知っておきたい!水の用語集

水の水質汚濁を知る指標「溶存酸素」とは

溶存酸素とは

溶存酸素とは、水中に溶けこんでいる酸素を指し、水温・塩分濃度・気圧などの影響を受けるとされています。
一般的に、酸素が溶けこむ量は水温が低いほど、また圧力が大きいほど多くなります。水中に棲む生物は水に溶けこんだ酸素を体に取りこみながら生きているので、生物数が多ければ多いほど水中の酸素も呼吸で消費されることになり、溶存酸素濃度は低くなります。
また汚濁が進んだ河川などでは、好気性微生物による有機物分解によって多量の酸素が消費されるため、やはり溶存酸素濃度は低くなります。
こうした環境下では、気温の高い夏期になると溶存酸素不足によって水中生物が減少しやすくなります。溶存酸素は河川などの水の汚れ具合を測るための指標の一つとされています。

水温上昇と水質悪化により湖沼の溶存酸素量が減少

海に生息するあらゆる生物にとって、溶存酸素濃度は大きな影響を及ぼすといわれています。これまでも世界中の海域で行われた調査によって、溶存酸素濃度が低下していることは報告されていました。その一方、世界中の湖沼の溶存酸素濃度については、世界的な比較調査はおこなわれてきませんでした。

そんな中、米国レンセラー工科大学と日本の国立環境研究所などの国際研究チームは、調査結果として「世界の温帯域の湖沼の溶存酸素濃度が目立って減少していること、水温上昇と水質悪化が強く関係していること」などを発表しました。

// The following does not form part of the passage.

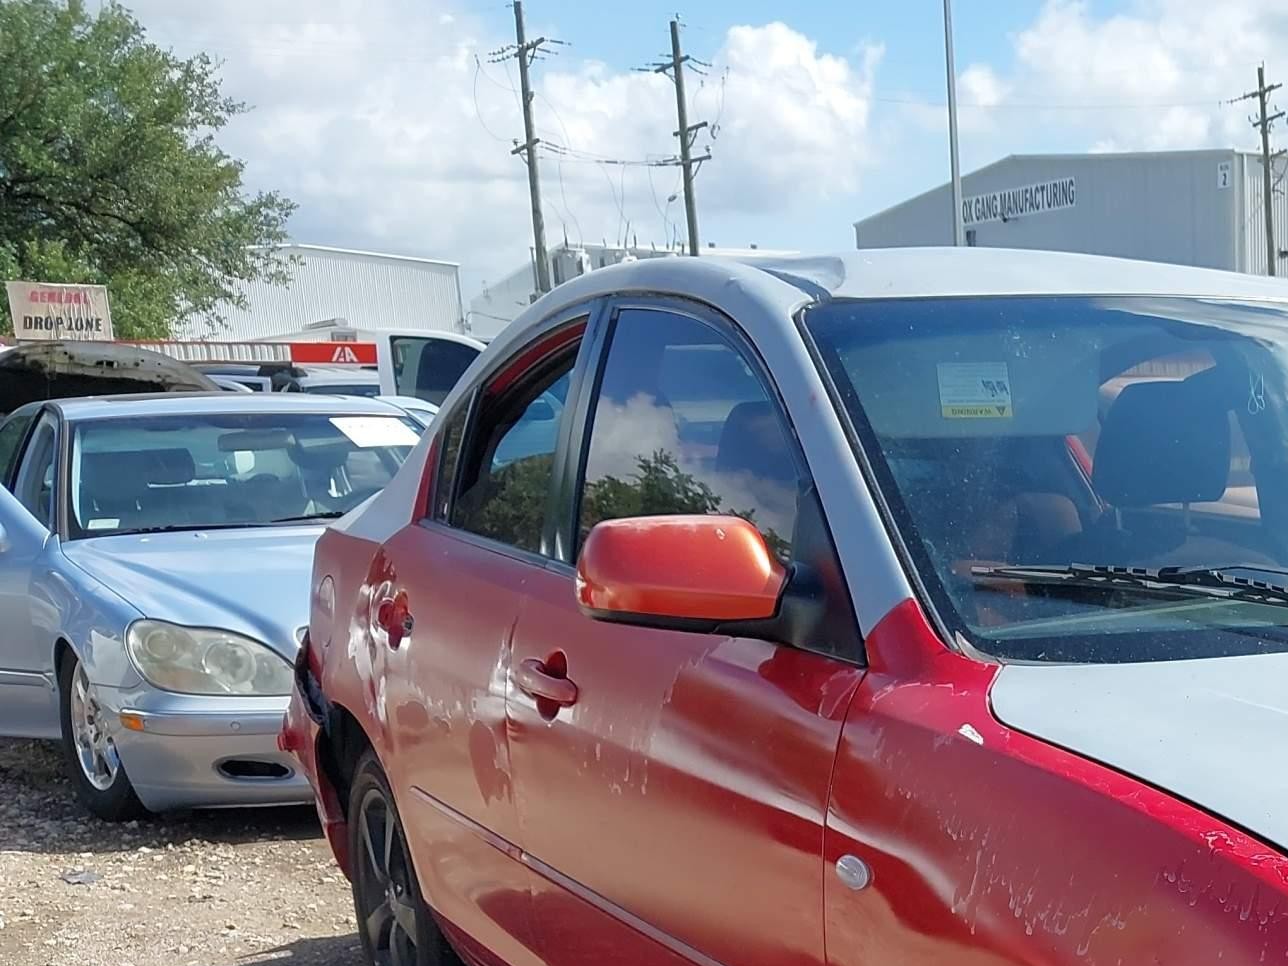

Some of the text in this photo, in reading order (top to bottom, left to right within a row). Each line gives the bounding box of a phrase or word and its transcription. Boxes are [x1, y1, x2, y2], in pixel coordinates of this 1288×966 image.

その報告によると、溶存酸素濃度の低下は気候変動にともなう水温上昇の影響によるものとし、水中生物の生育環境に大きな影響を与えているだけでなく、水質悪化によって温室効果ガスの一つであるメタンガスの放出にもつながっていることを示唆しました。
そのため、湖沼流域からの栄養塩の負荷を減らすなど湖沼の水質改善対策が必要であると、研究チームは警鐘を鳴らしています。
この調査では、北アメリカ、ヨーロッパ、ニュージーランド、日本の霞ヶ浦(茨城県)を含む計393の湖沼の37年間の観測データが対象とされました。

「酸素水」のさまざまな効能

私たちが普段使用する水道水に含まれる酸素量よりも、より多くの酸素を人工的に溶けこませた水として「酸素水」というものがあります。
1990年初め以降、水道水に酸素を含ませるための装置や酸素濃度を上げた酸素水は、商業品として生産されるようになり、主に欧米で販売されてきました。
酸素水には、免疫機能を高められる効果が期待できるほか、さまざまな疾患に対して効果や、アルコールの解毒作用を促進するという報告もあるようですが、詳しいエビデンスまでは出ていないようです。

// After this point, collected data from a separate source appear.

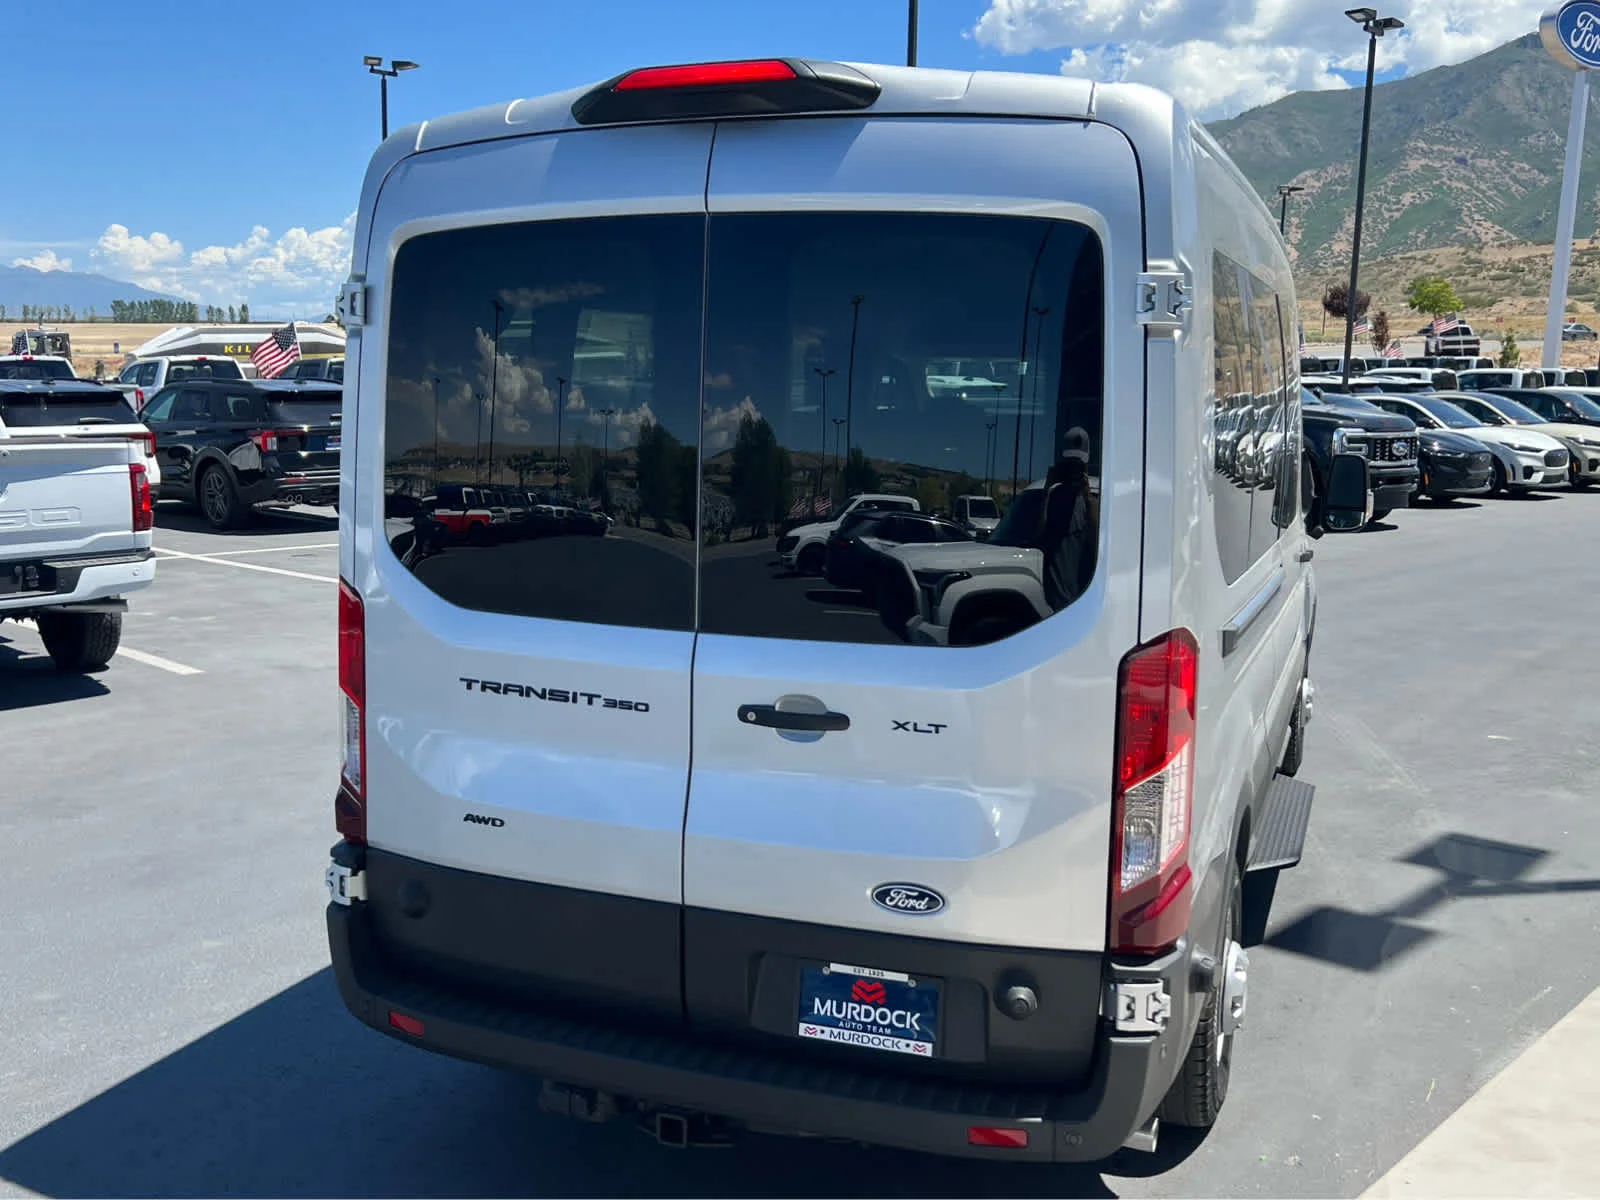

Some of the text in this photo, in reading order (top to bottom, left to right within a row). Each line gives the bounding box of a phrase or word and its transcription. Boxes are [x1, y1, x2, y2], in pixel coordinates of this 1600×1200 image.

[1571, 11, 1600, 54] For
[892, 720, 948, 734] XLT
[464, 813, 505, 828] AWD
[885, 888, 930, 911] Ford
[813, 997, 921, 1031] MURDOCK
[838, 1021, 892, 1035] AUTO TEAM
[829, 1029, 902, 1050] MURDOCK
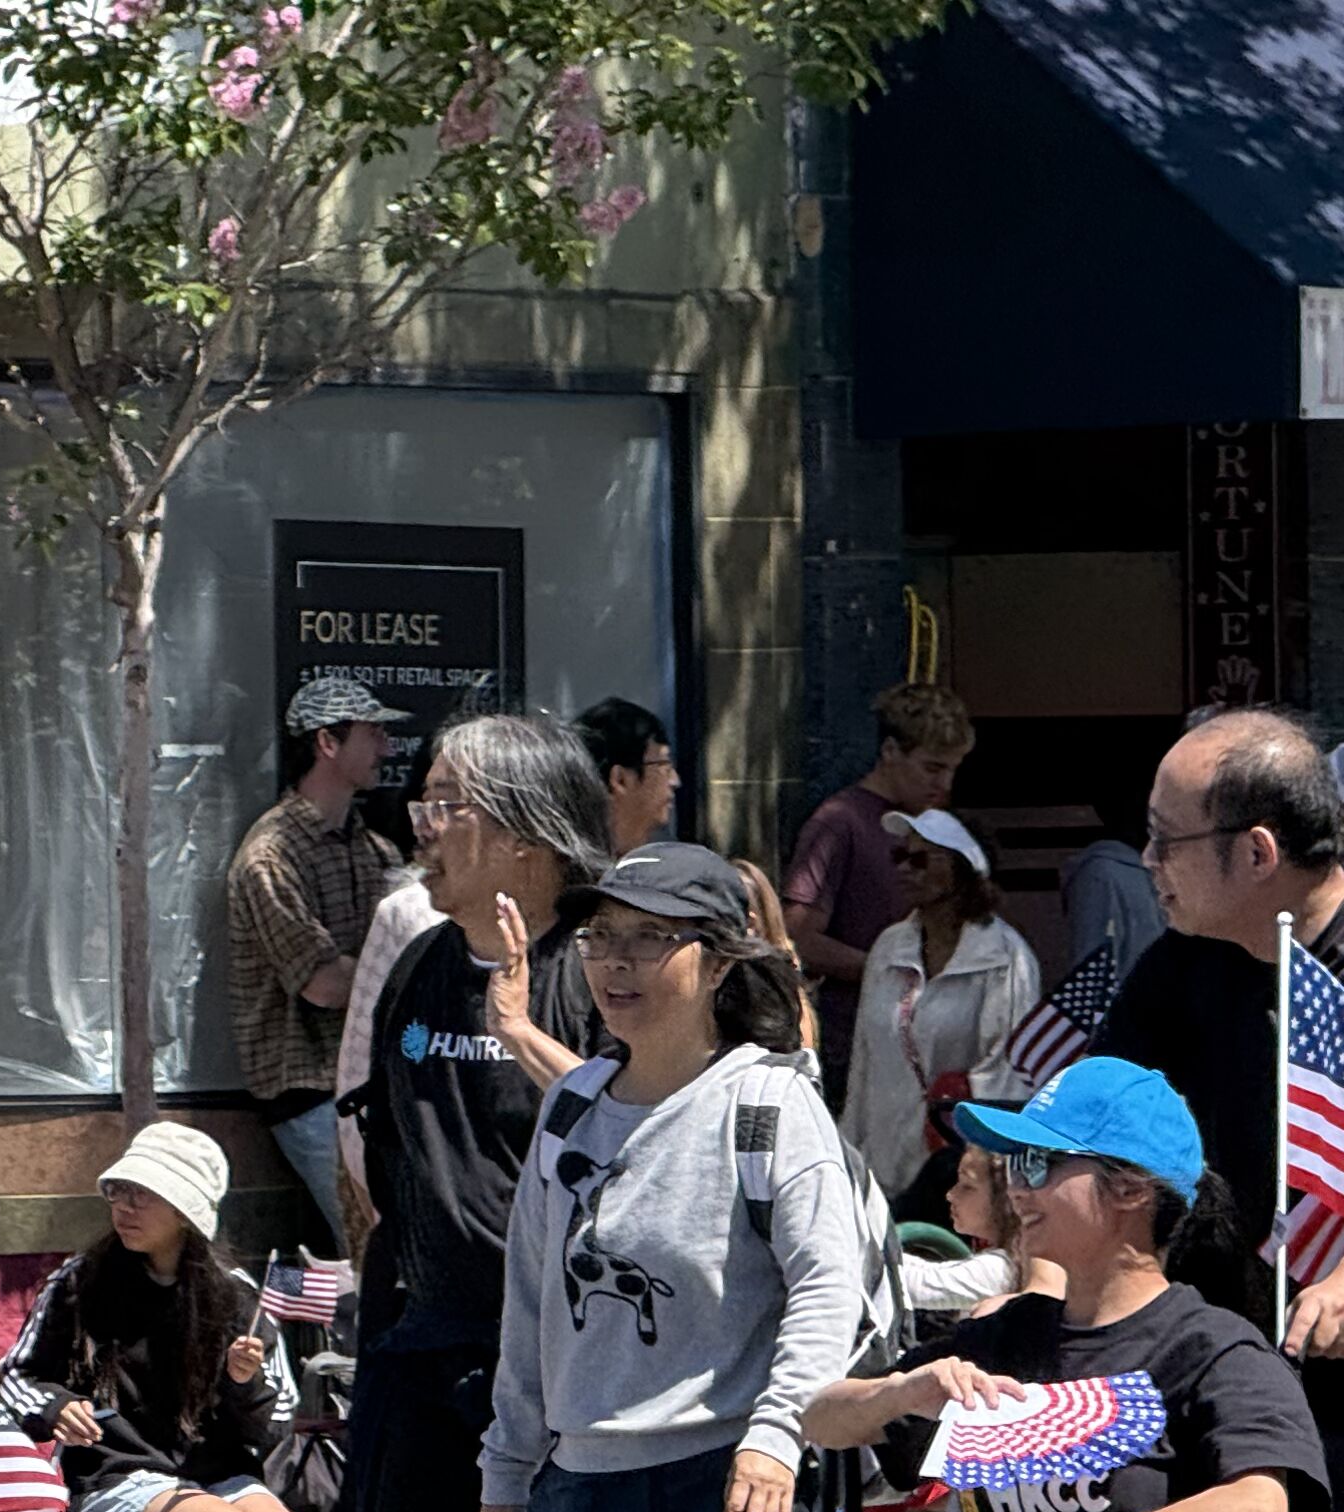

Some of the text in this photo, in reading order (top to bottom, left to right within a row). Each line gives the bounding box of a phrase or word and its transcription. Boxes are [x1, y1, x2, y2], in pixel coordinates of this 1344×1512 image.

・酸素水は豚の免疫活性を高め、サルモネラ・ティフィムリウム感染豚の免疫応答も促進
https://www.shokukanken.com/column/stock/001161.html

酸素水は豚の免疫活性を高め、サルモネラ・ティフィムリウム感染豚の免疫応答も促進

養豚業者にとって、サルモネラ菌などの感染症は経済的損失をもたらす疾病の一つとして、長くその対策に悩まされてきました。
そんな中、酸素水を飲ませた豚にサルモネラ・ティフィムリウムを感染させた場合、酸素水がどのような影響を与えるかを確認した試験結果が、業界紙で報告されています。

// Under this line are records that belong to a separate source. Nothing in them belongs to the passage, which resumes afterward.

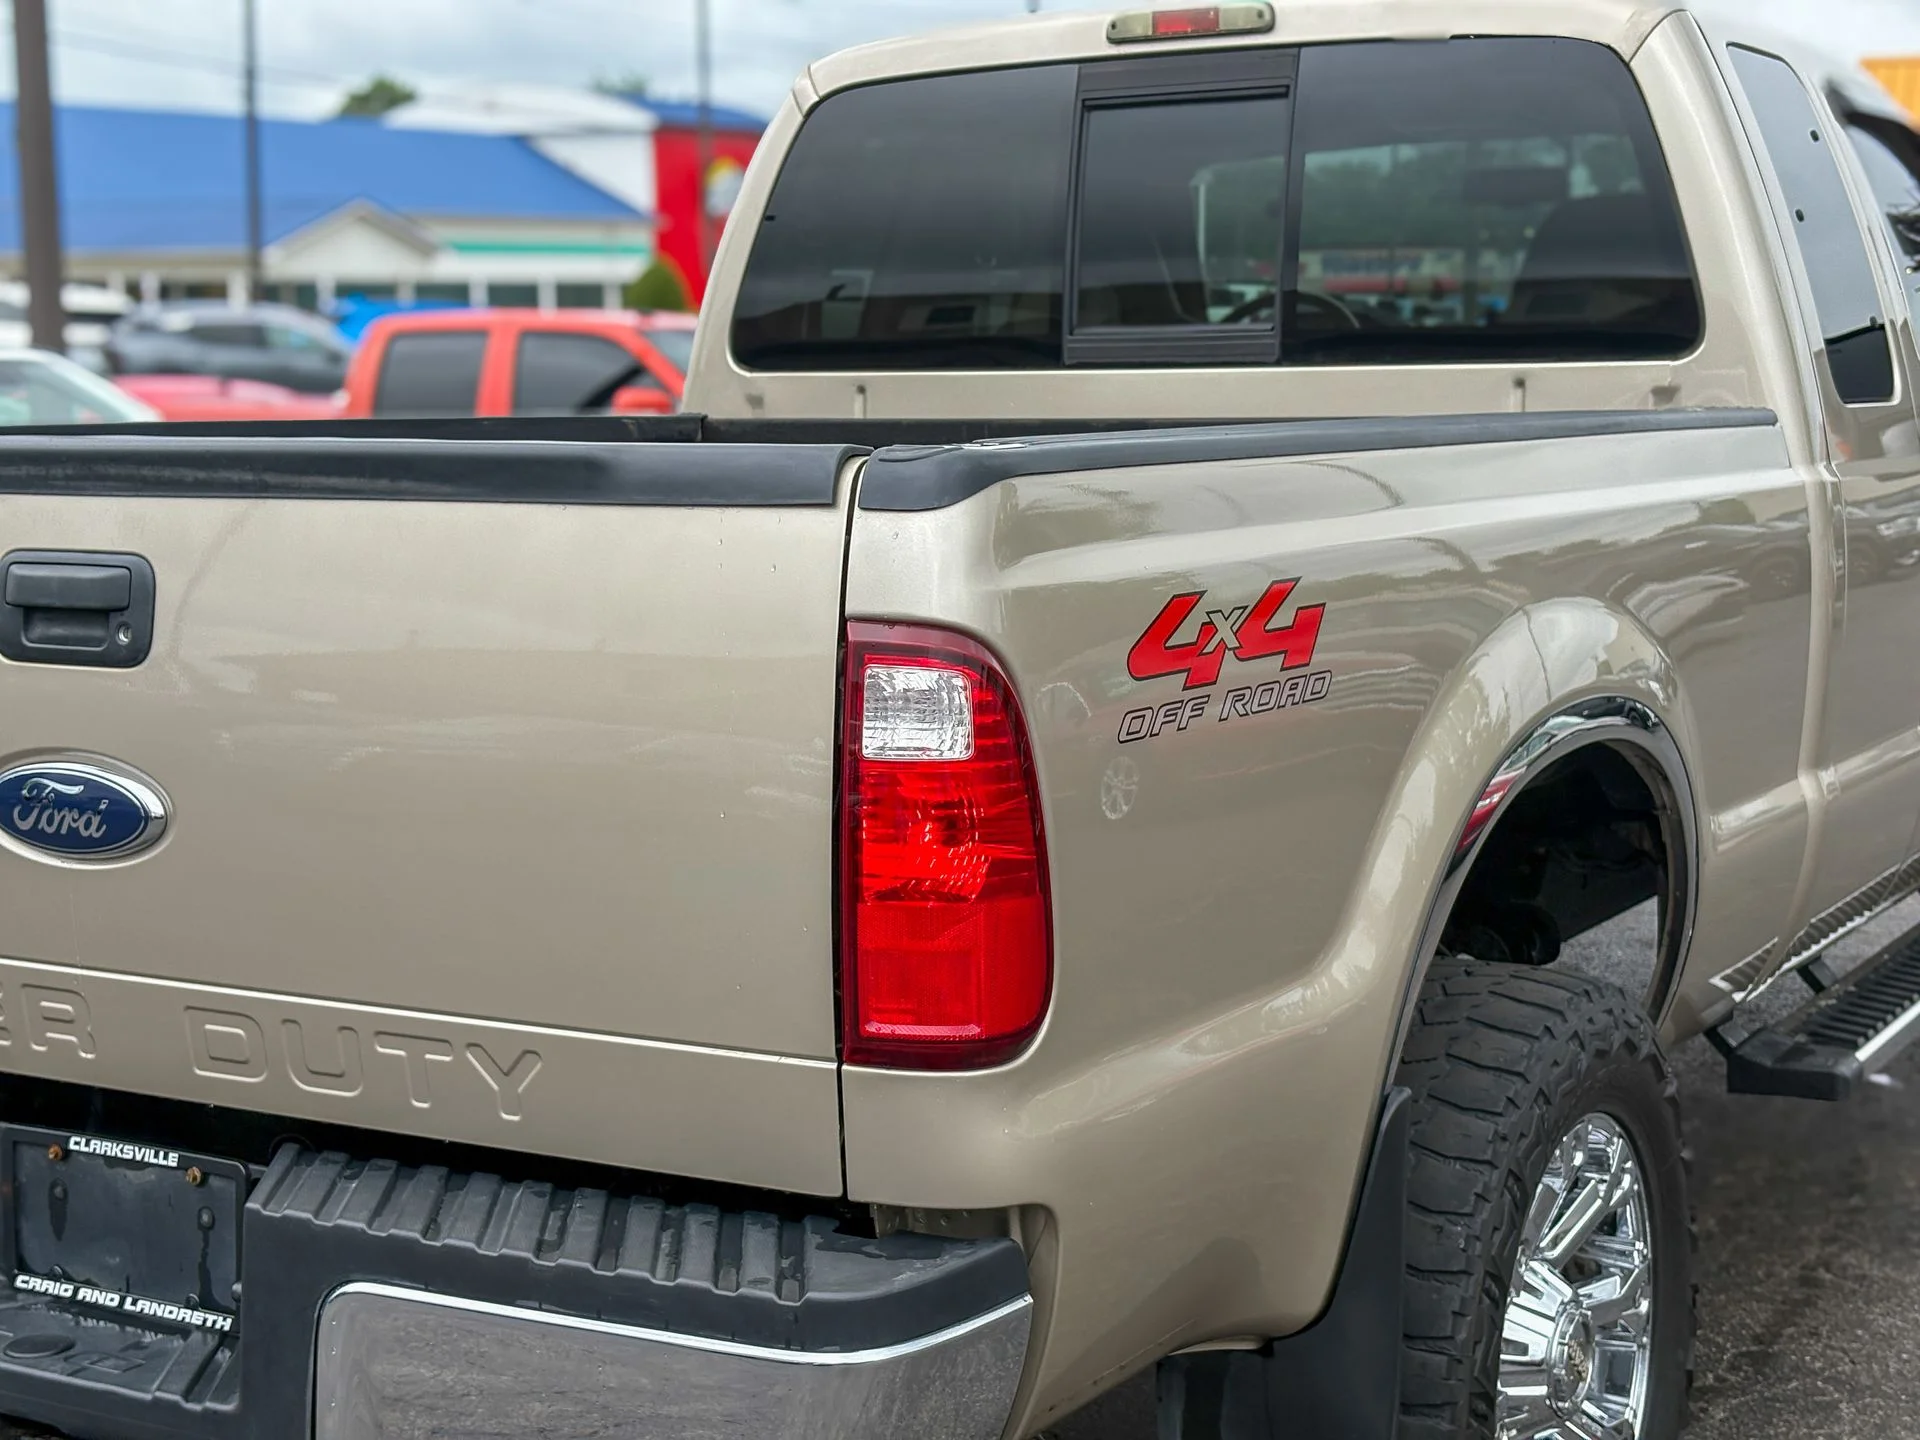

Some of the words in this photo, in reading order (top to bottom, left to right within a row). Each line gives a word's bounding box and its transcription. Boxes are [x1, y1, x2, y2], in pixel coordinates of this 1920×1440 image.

[1117, 694, 1210, 744] OFF
[1218, 669, 1332, 722] ROAD
[13, 777, 109, 839] Ford
[0, 982, 97, 1060] R
[183, 1005, 544, 1121] DUTY
[69, 1136, 179, 1167] CLARKSVILLE
[77, 1287, 120, 1308] AND
[123, 1296, 232, 1332] LANDRETH

・酸素水は豚の免疫活性を高め、サルモネラ・ティフィムリウム感染豚の免疫応答も促進
https://www.shokukanken.com/column/stock/001161.html

それによると、試験期間中に酸素水を飲ませた豚は飲ませていない豚と比べて、白血球数やサイトカインの発現量が明らかに高い値を示したとされたそうです。
なぜそのような結果になったのか、基本的なメカニズムは明らかにはなっていないようですが、これらの効果は酸素水が酸素ラジカルの発生、または低酸素状態の軽減をもたらしたのではないかと推察されているようです。

今回は、豚に酸素水を飲ませることによって免疫が強化されることが確認されたという報告でしたが、免疫が強化されるということは、サルモネラ・ティフィムリウムだけでなく、そのほかの病原体に感染した場合も同様の効果が得られる可能性があるかもしれません。
養豚業を営む事業者にとっても、今後の事業における事故率の改善につながることが期待されているようです。